> _ACTION ITEM_
Would you please set down the data again exactly as given, excluding the pictures?

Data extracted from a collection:
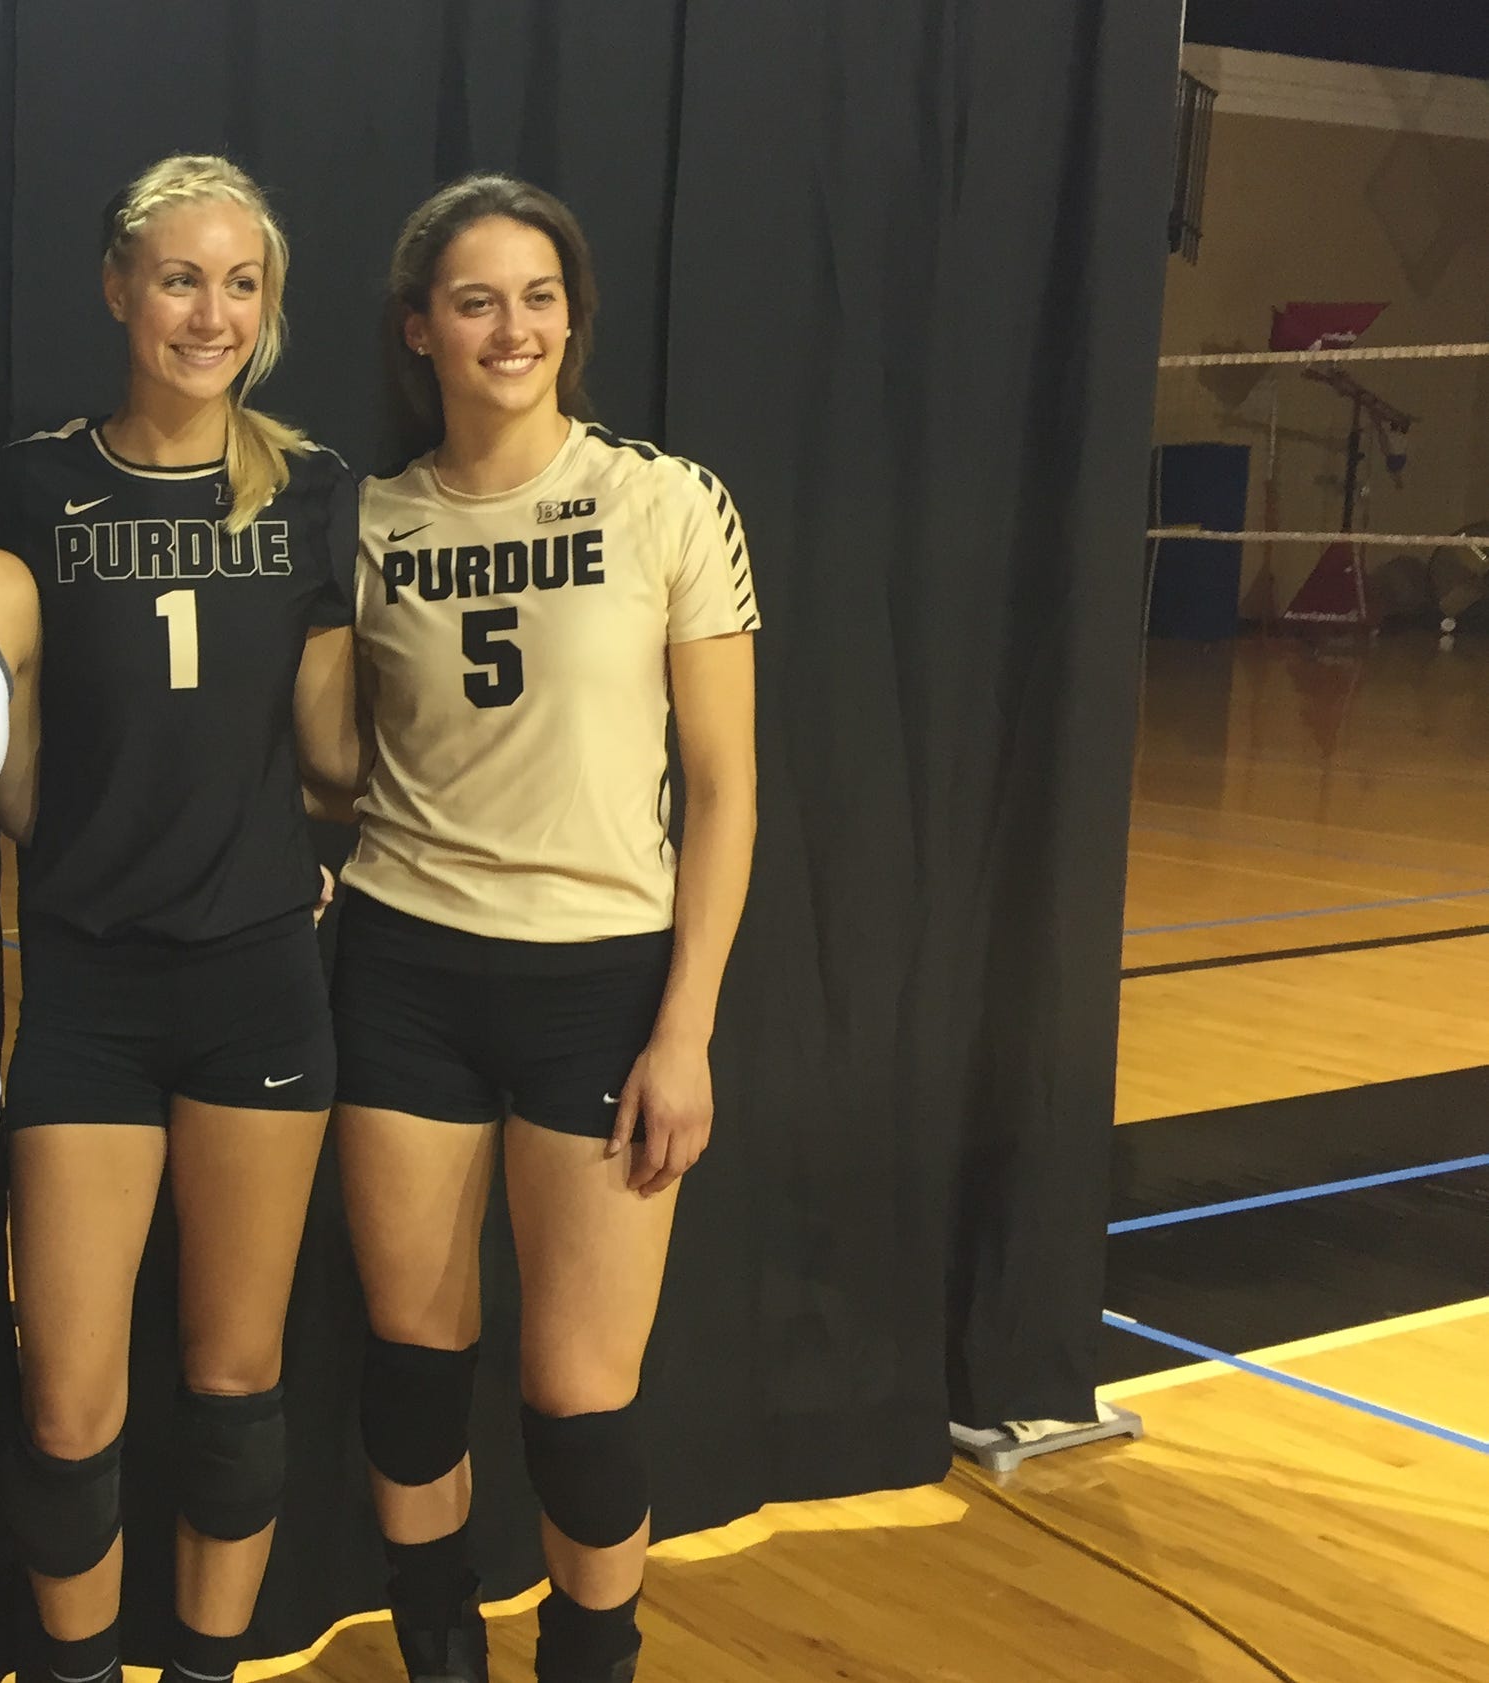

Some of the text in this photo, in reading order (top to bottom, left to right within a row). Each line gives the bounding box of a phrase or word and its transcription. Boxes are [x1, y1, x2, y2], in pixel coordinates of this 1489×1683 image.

[55, 519, 293, 583] PURDUE
[382, 529, 605, 605] PURDUE
[155, 589, 199, 690] 1
[461, 606, 525, 709] 5

> _SOLUTION TO THE EXERCISE_
Some of the text in this photo, in reading order (top to bottom, left to right within a row). Each line gives the bounding box of a phrase or word and its transcription. Boxes are [x1, y1, x2, y2], in pixel coordinates of this 1489×1683 image.

[55, 519, 293, 583] PURDUE
[382, 529, 605, 605] PURDUE
[155, 589, 199, 690] 1
[461, 606, 525, 709] 5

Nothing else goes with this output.